“TLeague: A Framework for Competitive Self-Play Based Distributed Multi-Agent Reinforcement Learning”, Peng Sun, Jiechao Xiong, Lei Han, Xinghai Sun, Shuxing Li, Jiawei Xu, Meng Fang, Zhengyou Zhang2020-11-25 (, ; similar)⁠:

Competitive Self-Play (CSP) based Multi-Agent Reinforcement Learning (MARL) has shown phenomenal breakthroughs recently. Strong AIs are achieved for several benchmarks, including DoTA 2, Honor of Kings, Quake III, StarCraft II, to name a few. Despite the success, the MARL training is extremely data thirsty, requiring typically billions of (if not trillions of) frames be seen from the environment during training in order for learning a high performance agent. This poses non-trivial difficulties for researchers or engineers and prevents the application of MARL to a broader range of real-world problems.

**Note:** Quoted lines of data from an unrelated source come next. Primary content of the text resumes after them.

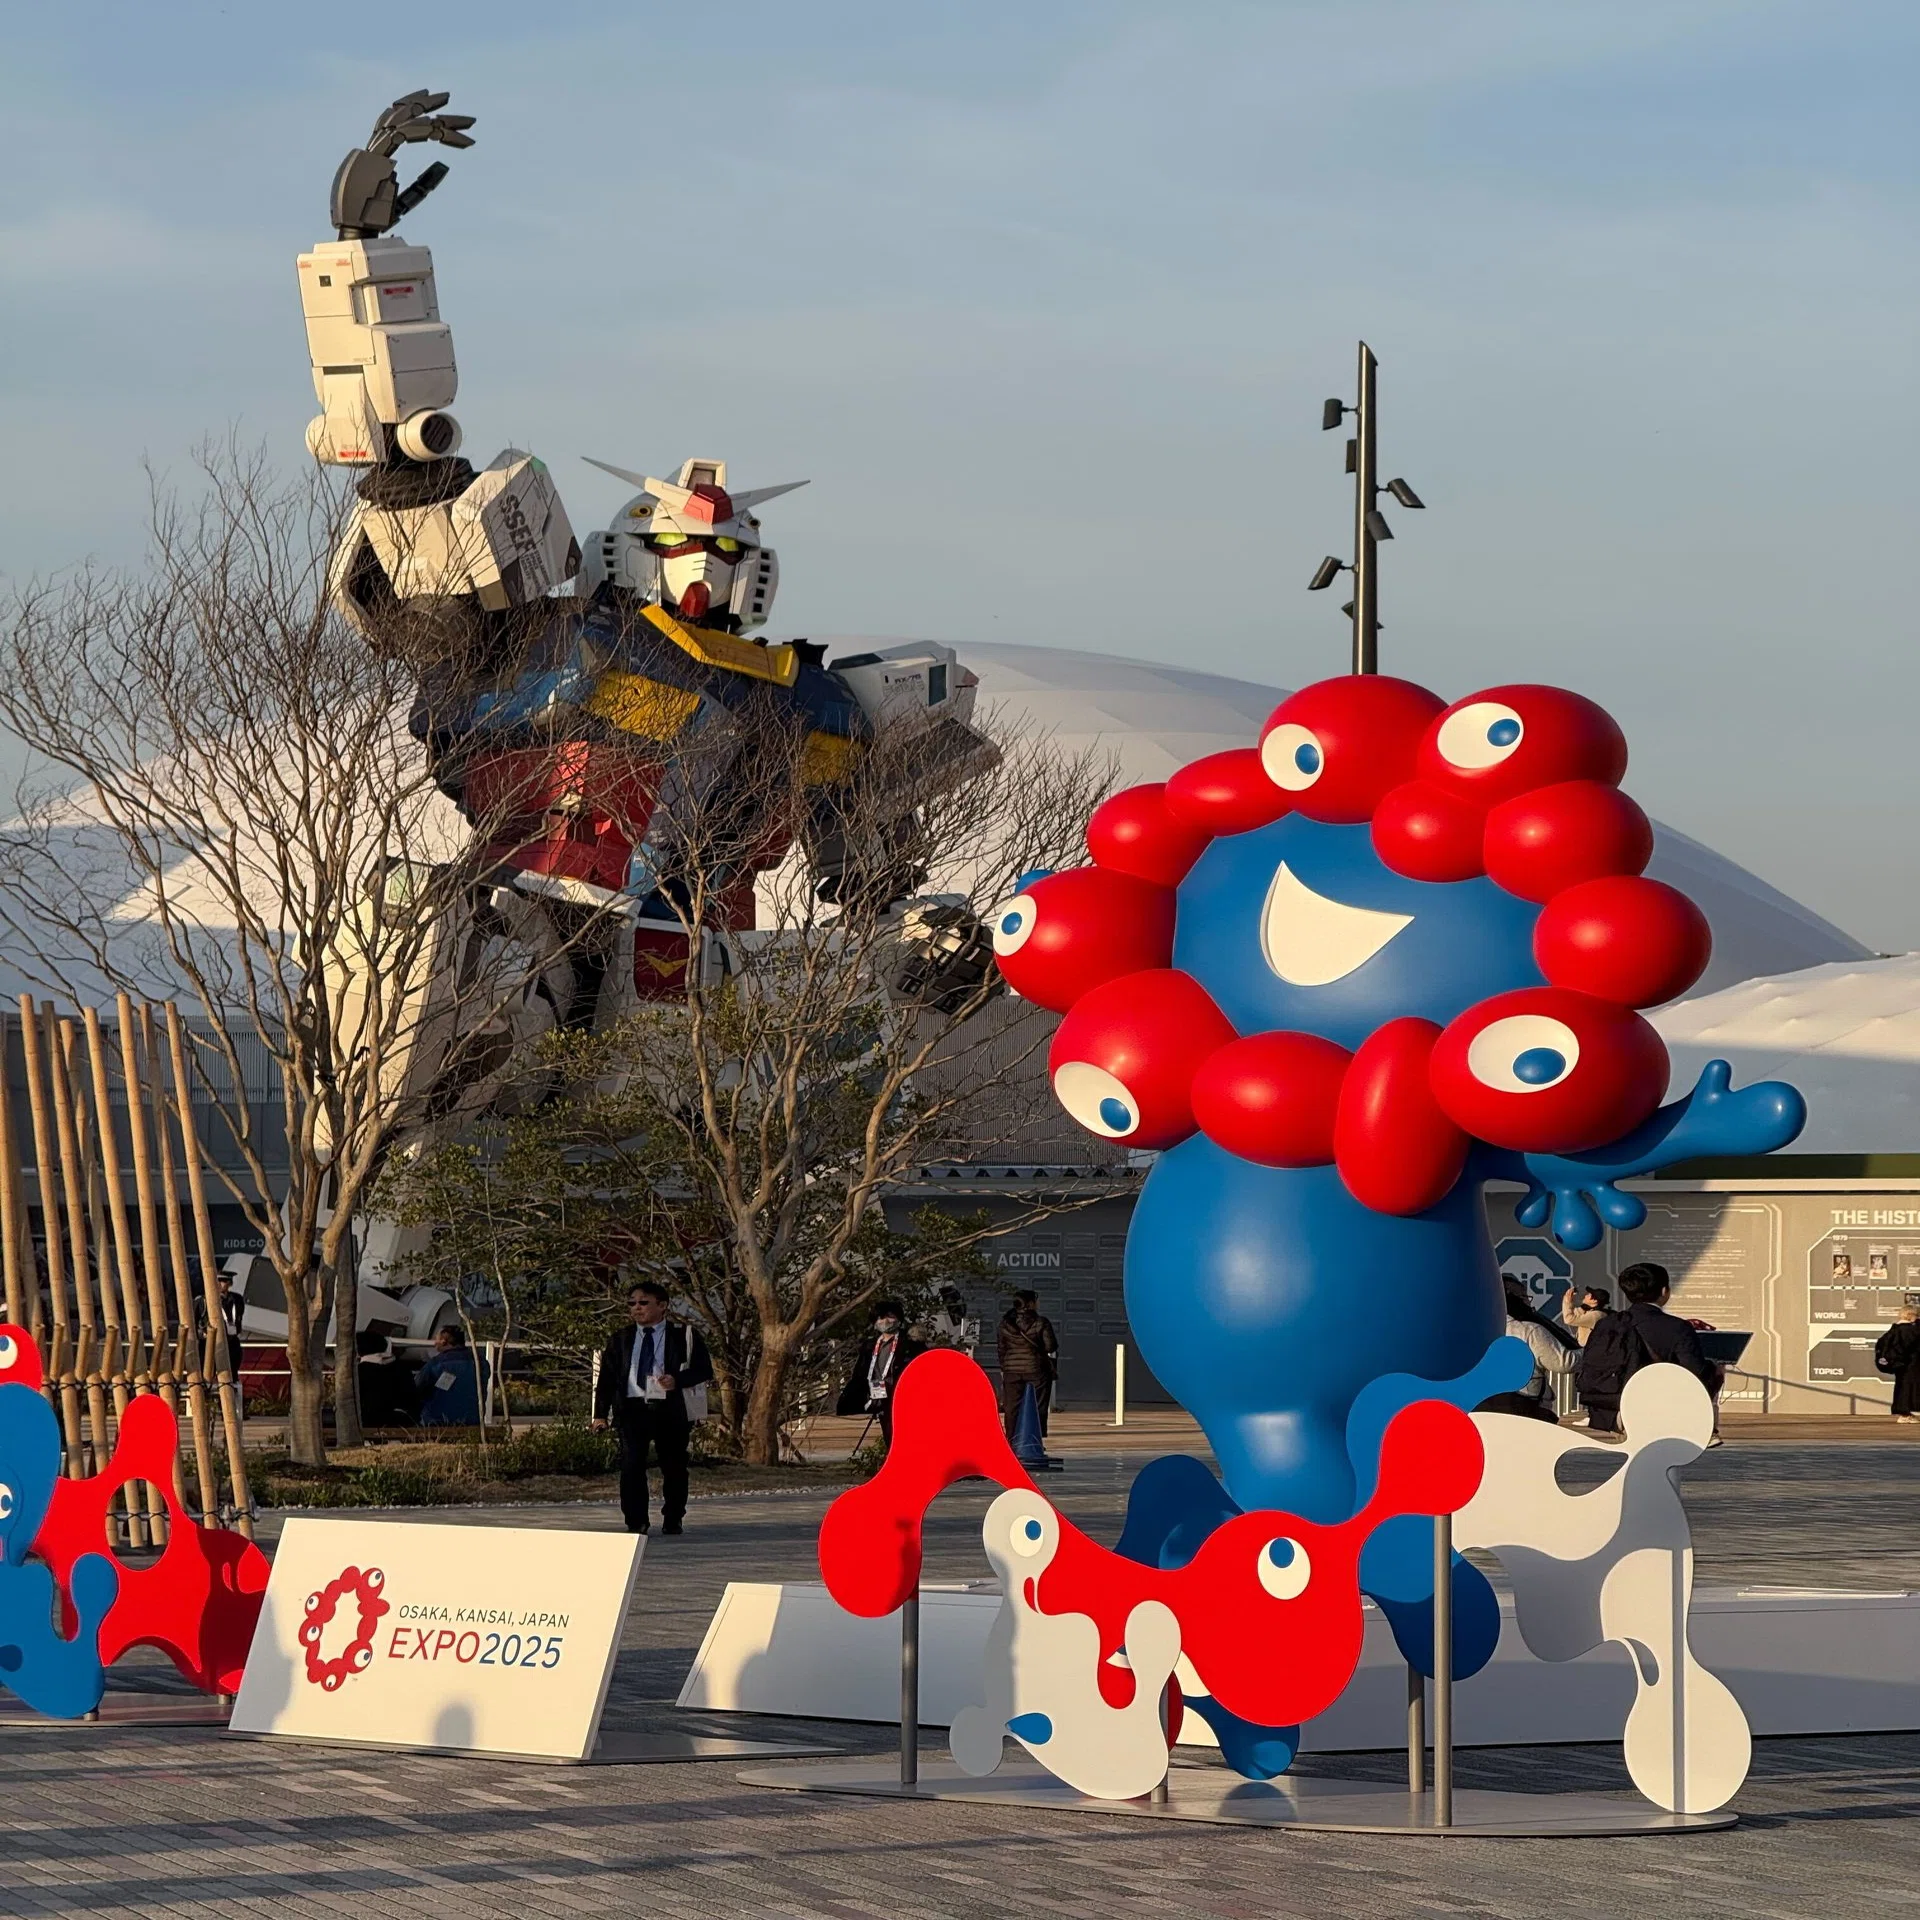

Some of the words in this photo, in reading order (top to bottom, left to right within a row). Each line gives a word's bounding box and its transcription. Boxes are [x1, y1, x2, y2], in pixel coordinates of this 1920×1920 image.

[1831, 1210, 1869, 1225] THE
[1873, 1210, 1920, 1225] HIST
[223, 1239, 247, 1249] KIDS
[997, 1252, 1060, 1267] ACTION
[1813, 1367, 1844, 1375] TOPICS
[399, 1604, 452, 1624] OSAKA,
[455, 1608, 515, 1627] KANSAI,
[519, 1612, 570, 1628] JAPAN
[388, 1627, 563, 1669] EXPO2025
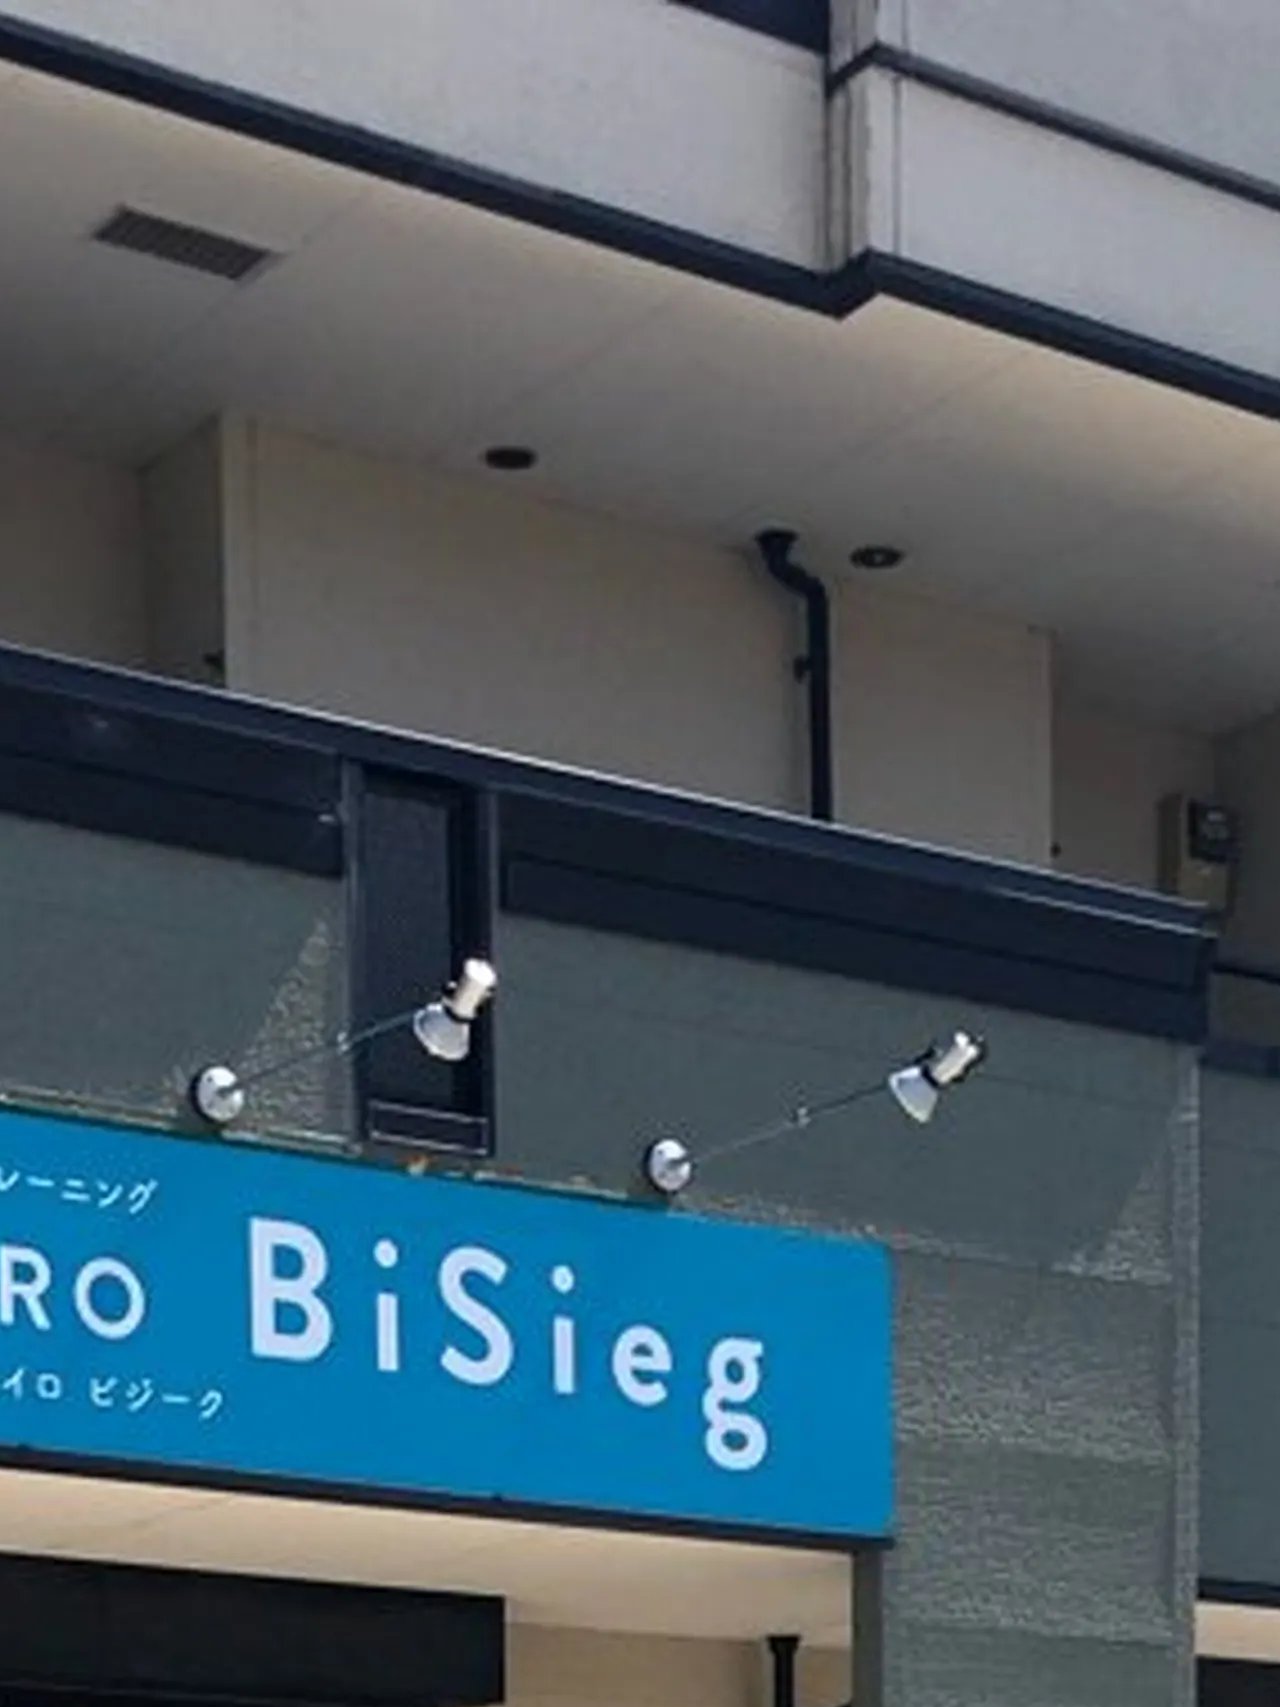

To address this issue, in this manuscript we describe a framework, referred to as TLeague, that aims at large-scale training and implements several mainstream CSP-MARL algorithms. The training can be deployed in either a single machine or a cluster of hybrid machines (CPUs and GPUs), where the standard Kubernetes is supported in a cloud native manner. TLeague achieves a high throughput and a reasonable scale-up when performing distributed training. Thanks to the modular design, it is also easy to extend for solving other multi-agent problems or implementing and verifying MARL algorithms.

We present experiments over StarCraft II, ViZDoom and Pommerman to show the efficiency and effectiveness of TLeague.

The code is open-sourced and available at this URL.